Mr MacKenzie said approval through code assessment meant applications would not have to be considered before council and could be signed off by council officers.
"But I note under the new planning scheme, it is possible to have streets and streets of duplexes side by side on 800 square metre lots without public objection. I don't think that's what most families want to dominate their local areas."
Mr MacKenzie said the issue with the new scheme meant nearby residents would not have to be notified if a duplex was being built, or have the right to object, if it fit in the code assessment criteria.
"Under the new town plan, you could wake up to duplexes going up next door with no right of objection"
THE Southern Downs Regional Council has defended its proposed new rules on duplex housing, after a local town planning consultant said homeowners would be denied the right of objection.

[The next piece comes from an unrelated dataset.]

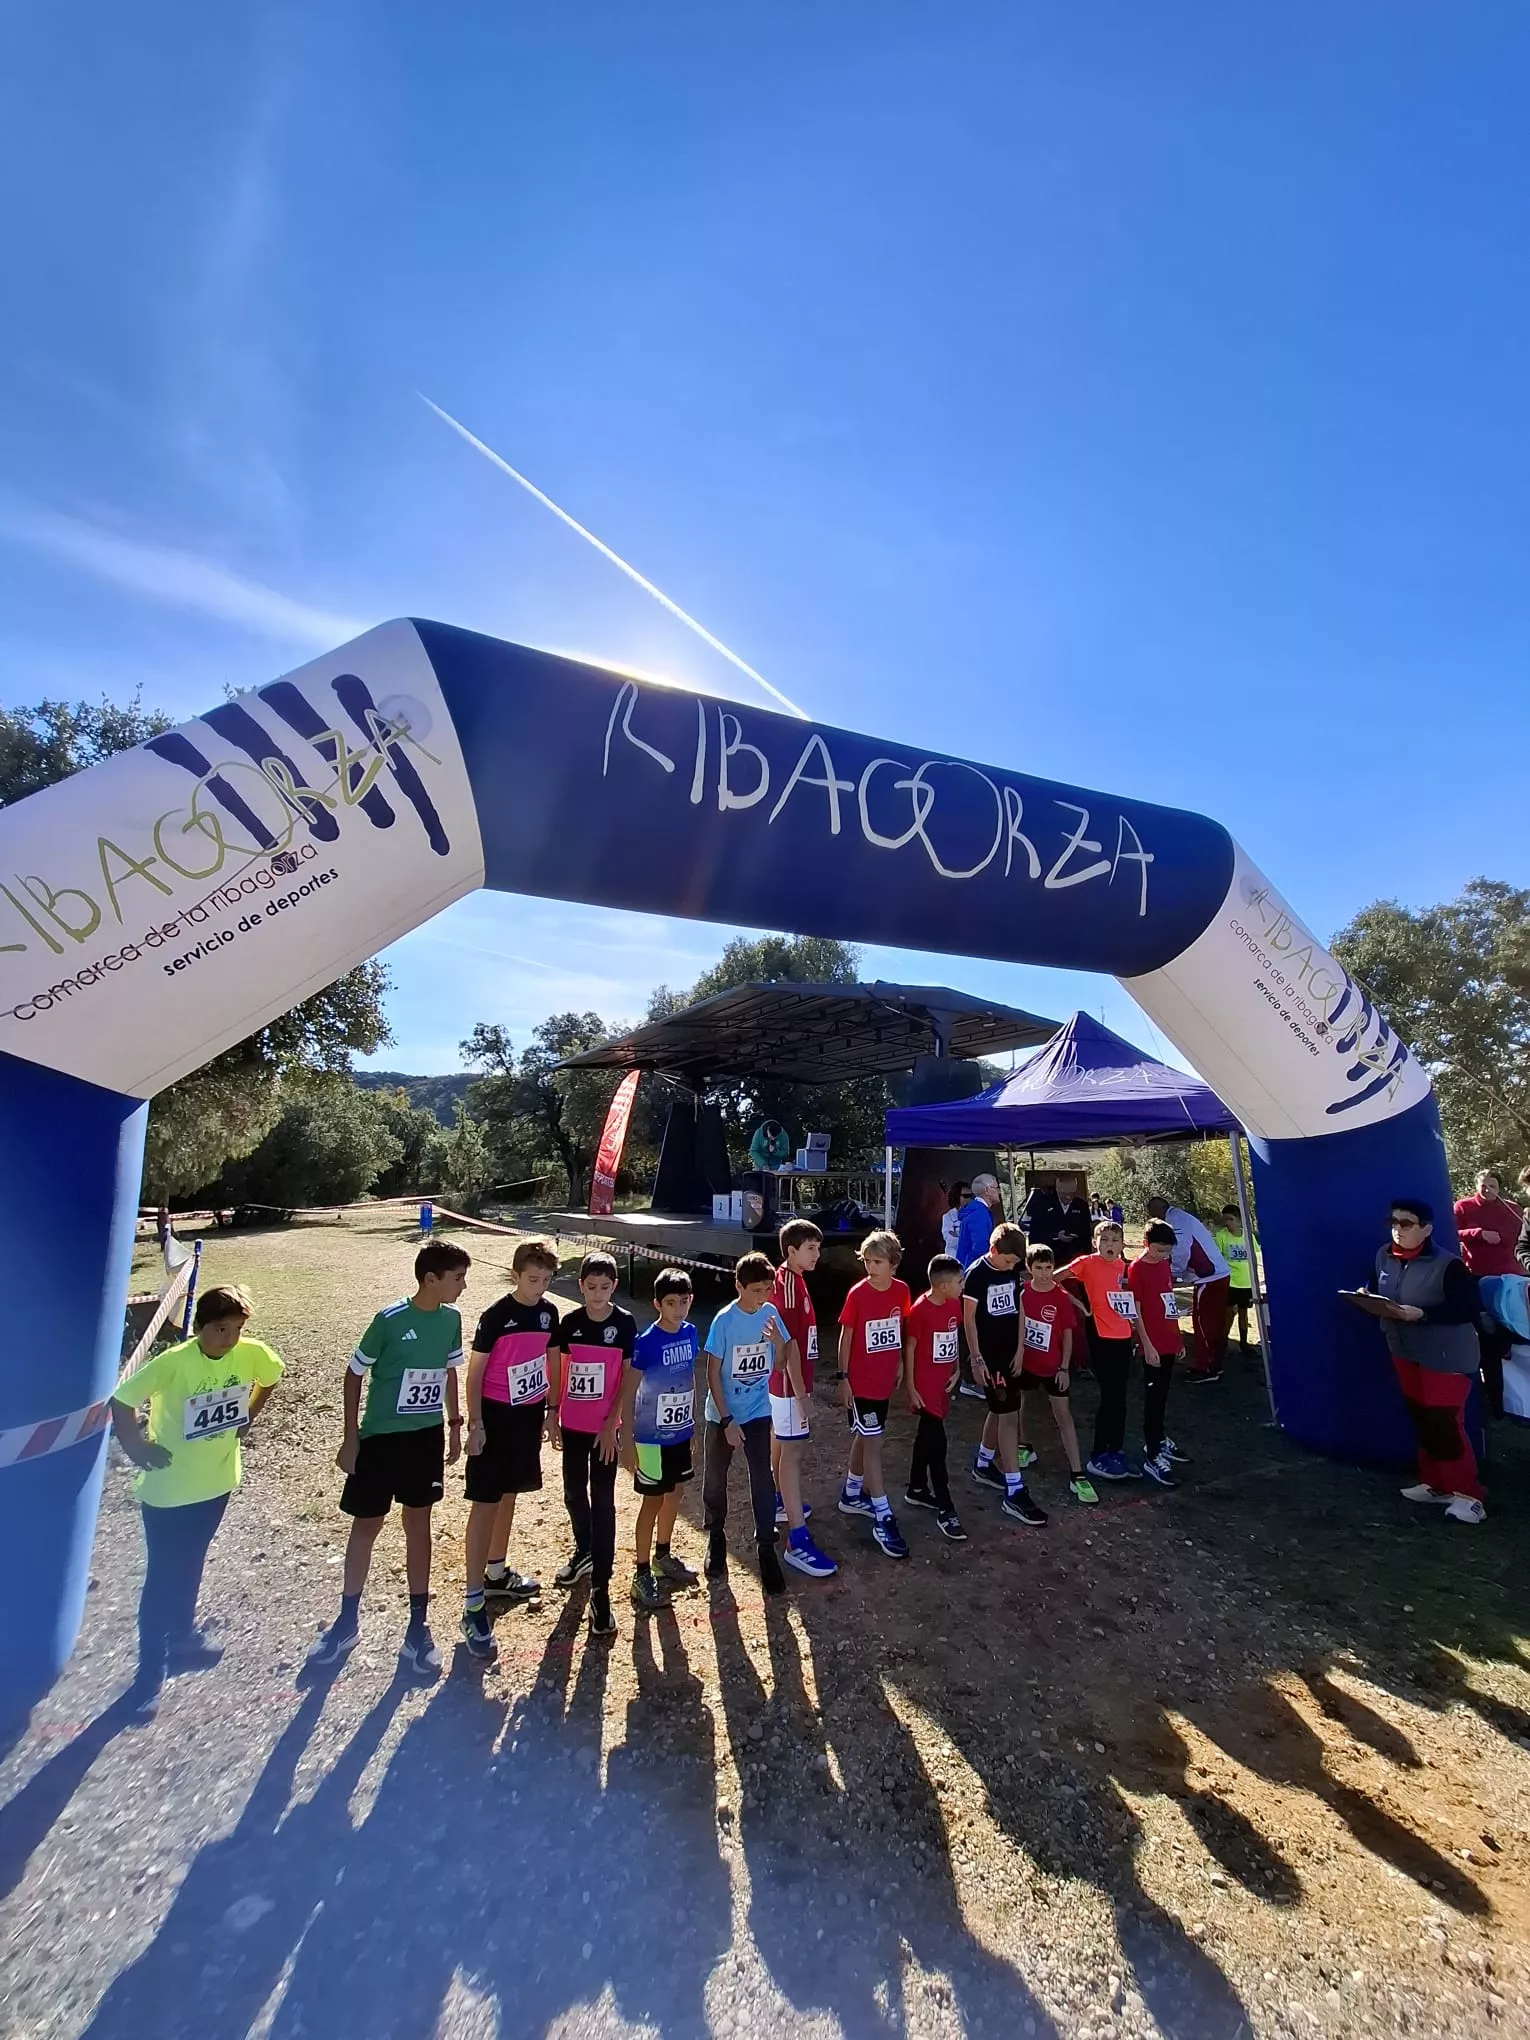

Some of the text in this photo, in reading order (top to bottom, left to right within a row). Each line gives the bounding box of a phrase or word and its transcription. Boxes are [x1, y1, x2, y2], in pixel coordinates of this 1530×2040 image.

As reported yesterday, Killarney-based planner Jamie Mackenzie said under the council's draft new planning scheme, due to come into force early next year, duplexes could be built in rows on established residential streets on blocks of 800 square metres or more, with the decision made by council officers.
With the majority of house blocks established streets in Warwick being at least 800 square metres, Mr Mackenzie said existing homeowners who valued Warwick's "big backyard" character would have no say and called for the rules to be changed.
But a council spokeswoman has said that in the proposed "Residential Living Zone" - which covers most of Warwick's streets outside the CBD fringe, a duplex would need a lot of at least 800 square metres and a frontage of at least 20 metres to the street.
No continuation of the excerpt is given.